Print the entries exactly as they appear, and omit any images.

◆ MATERIAL SHOWN
****************

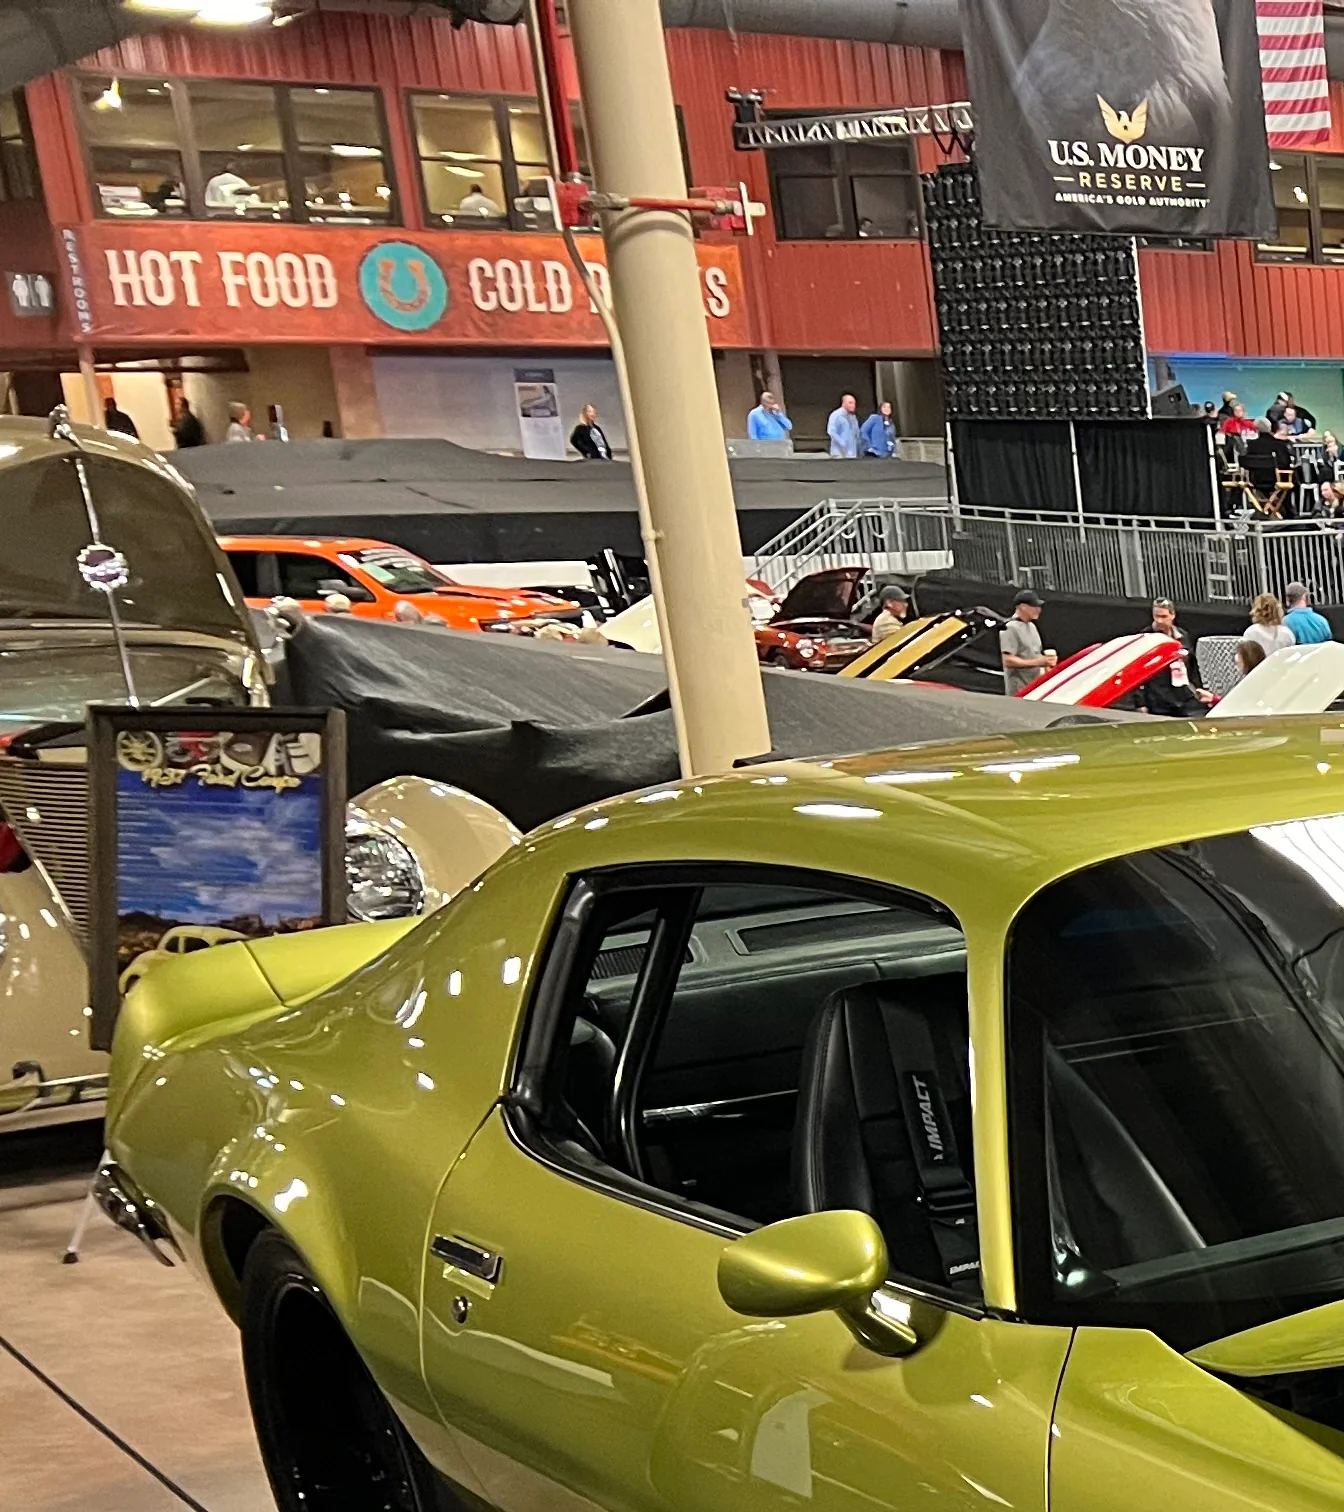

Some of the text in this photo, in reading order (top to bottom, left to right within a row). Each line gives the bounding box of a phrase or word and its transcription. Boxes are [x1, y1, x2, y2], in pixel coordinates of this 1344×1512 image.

[1048, 140, 1204, 172] U.S. MONEY
[1055, 192, 1114, 205] AMERICA'S
[1116, 195, 1146, 206] GOLD
[1079, 171, 1183, 192] RESERVE
[62, 228, 93, 334] RESTROOMS
[104, 249, 338, 308] HOT FOOD
[468, 257, 573, 313] COLD
[911, 1074, 944, 1152] IMPACT
[949, 1261, 980, 1275] IMPA
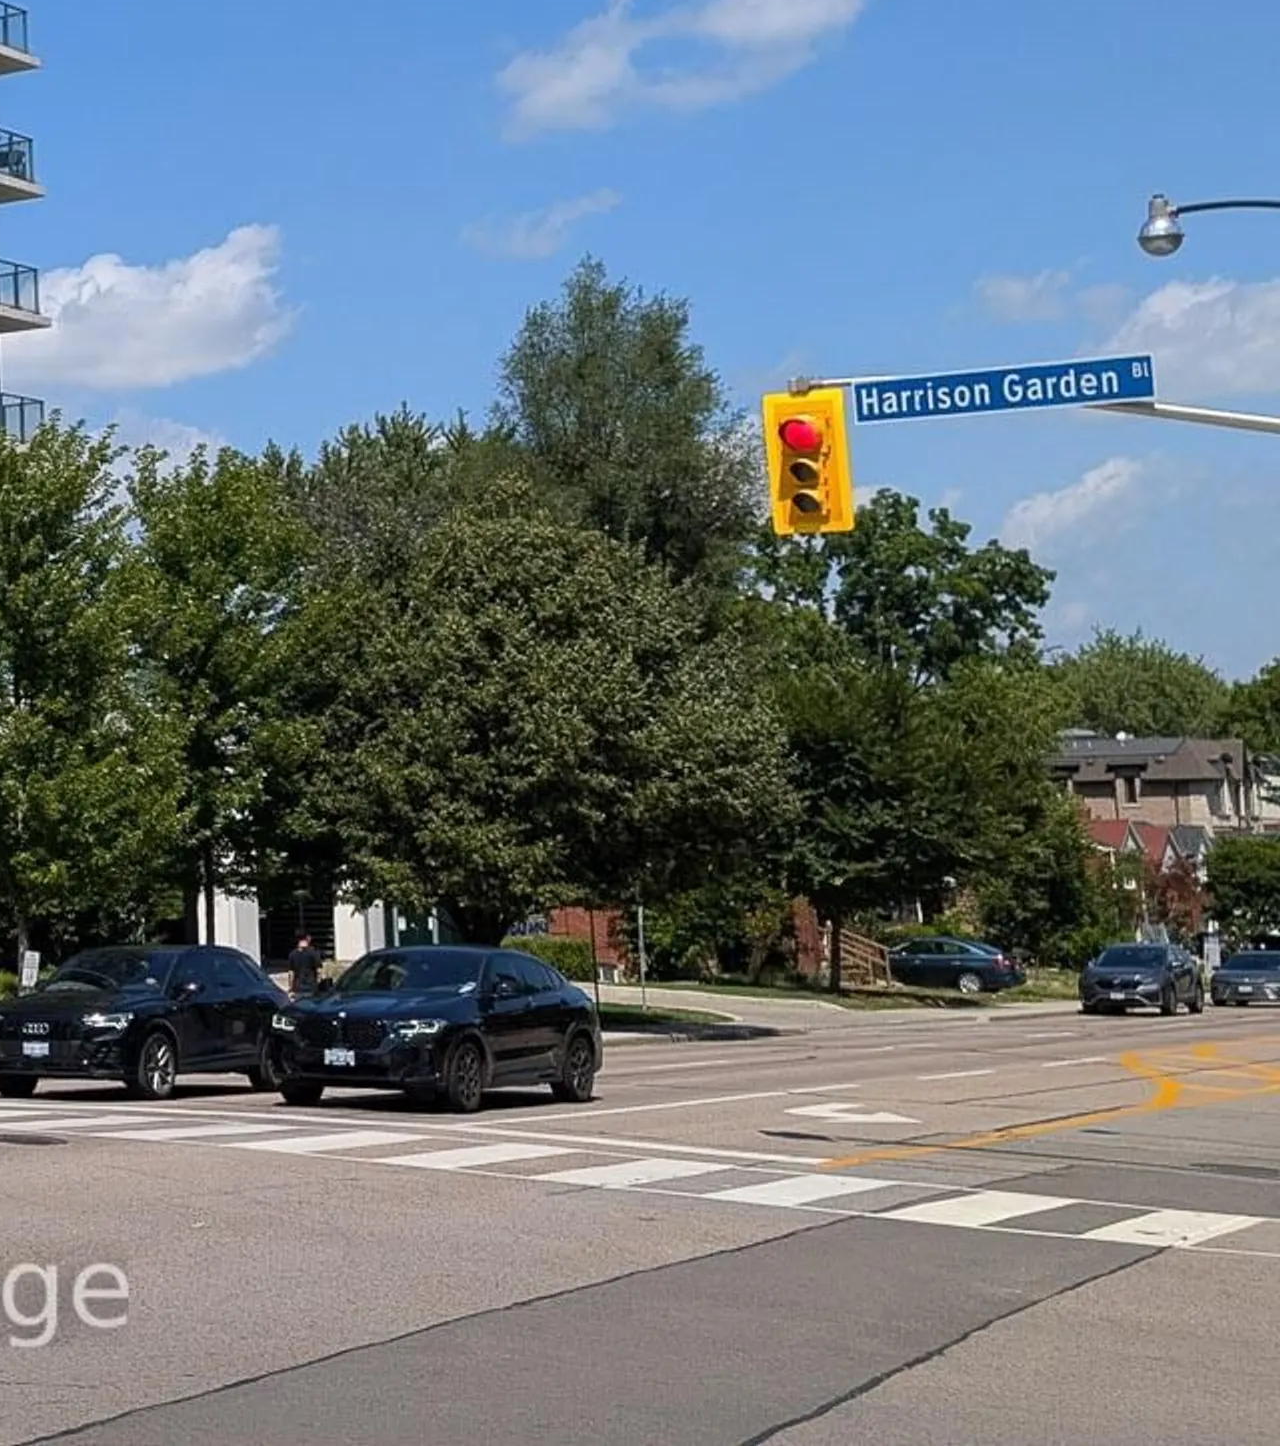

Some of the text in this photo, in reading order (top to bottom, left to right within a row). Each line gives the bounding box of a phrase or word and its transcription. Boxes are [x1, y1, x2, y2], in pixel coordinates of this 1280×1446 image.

[860, 361, 1150, 416] Harrison Garden Bl
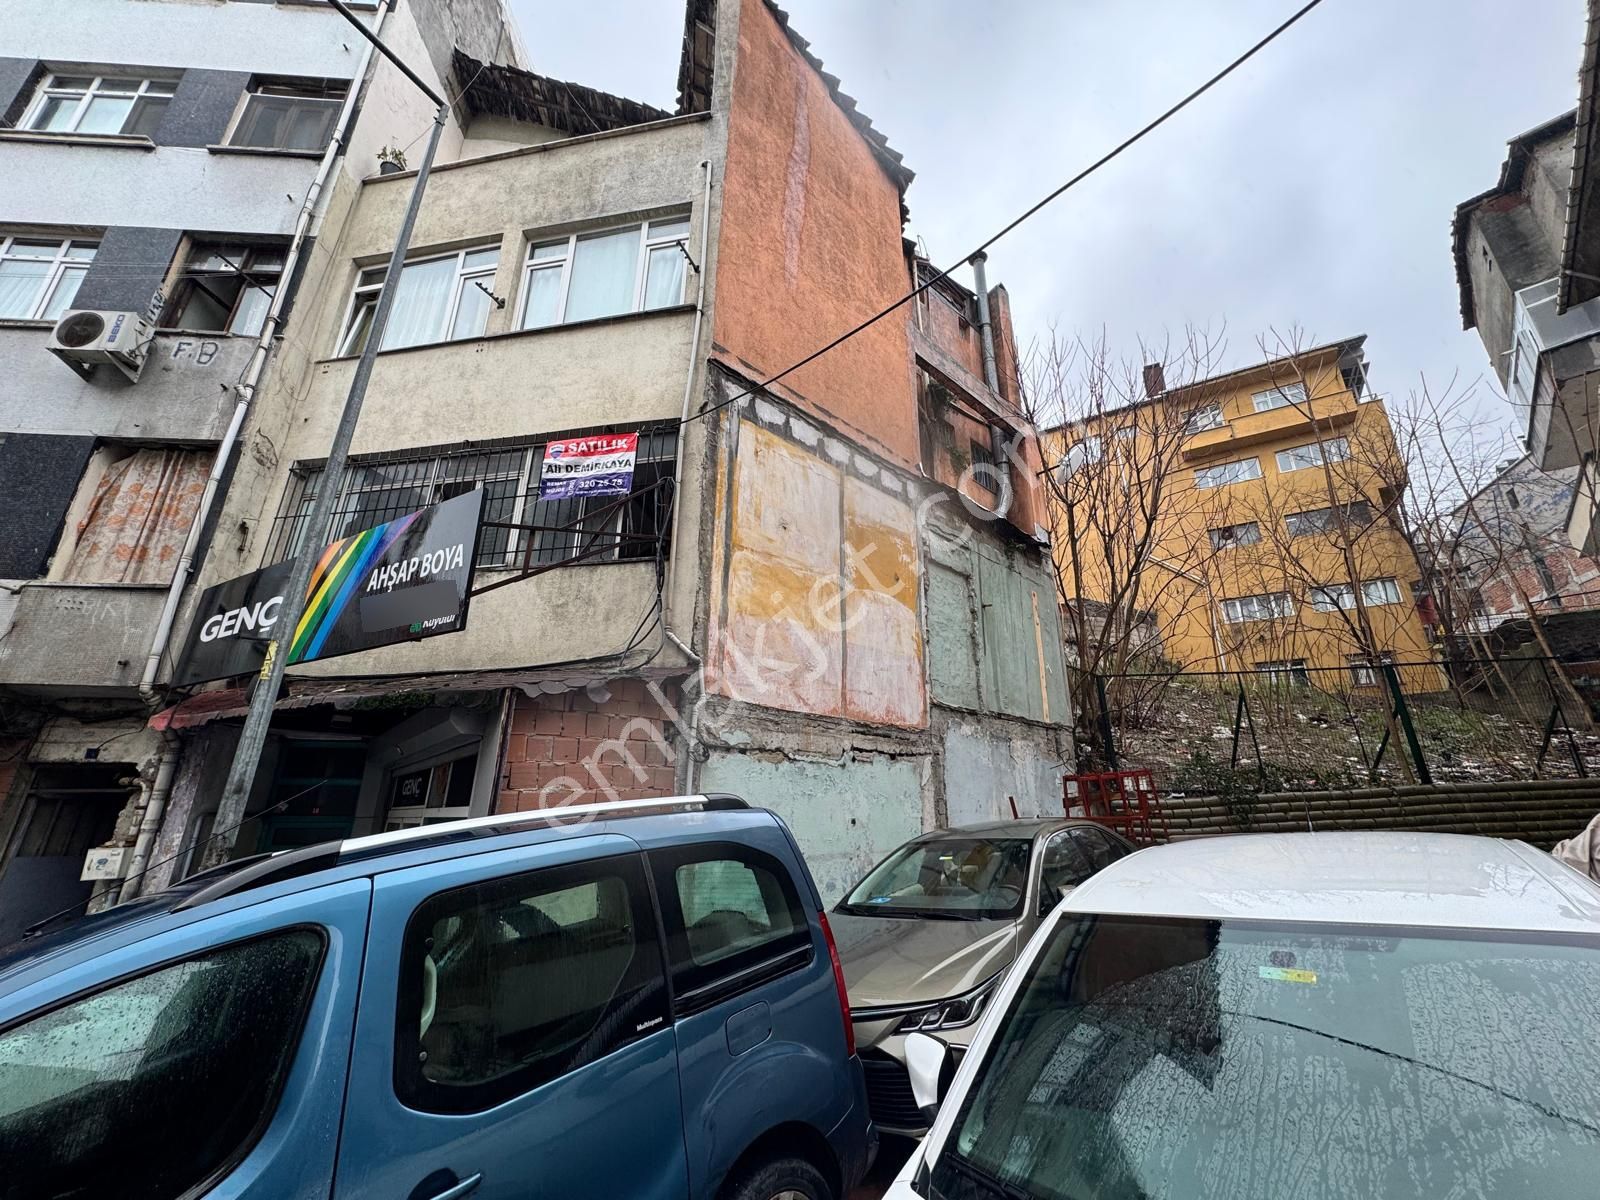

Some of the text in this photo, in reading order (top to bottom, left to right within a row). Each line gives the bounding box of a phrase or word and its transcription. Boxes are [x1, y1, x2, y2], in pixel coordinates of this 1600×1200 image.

****************

◆ WRITTEN RESPONSE
Some of the text in this photo, in reading order (top to bottom, left to right within a row). Each line gives the bounding box of a phrase or word and its transcription. Boxes are [x1, y1, x2, y2], in pixel coordinates of this 1344×1512 image.

[1048, 140, 1204, 172] U.S. MONEY
[1055, 192, 1114, 205] AMERICA'S
[1116, 195, 1146, 206] GOLD
[1079, 171, 1183, 192] RESERVE
[62, 228, 93, 334] RESTROOMS
[104, 249, 338, 308] HOT FOOD
[468, 257, 573, 313] COLD
[911, 1074, 944, 1152] IMPACT
[949, 1261, 980, 1275] IMPA

Some of the text in this photo, in reading order (top to bottom, left to right within a row). Each line gives the bounding box of a phrase or word and its transcription. Boxes are [x1, y1, x2, y2], in pixel coordinates of this 1280×1446 image.

[860, 361, 1150, 416] Harrison Garden Bl

Some of the text in this photo, in reading order (top to bottom, left to right within a row). Each line gives the bounding box of a phrase or word and its transcription. Boxes are [x1, y1, x2, y2], in pixel coordinates of this 1600×1200 image.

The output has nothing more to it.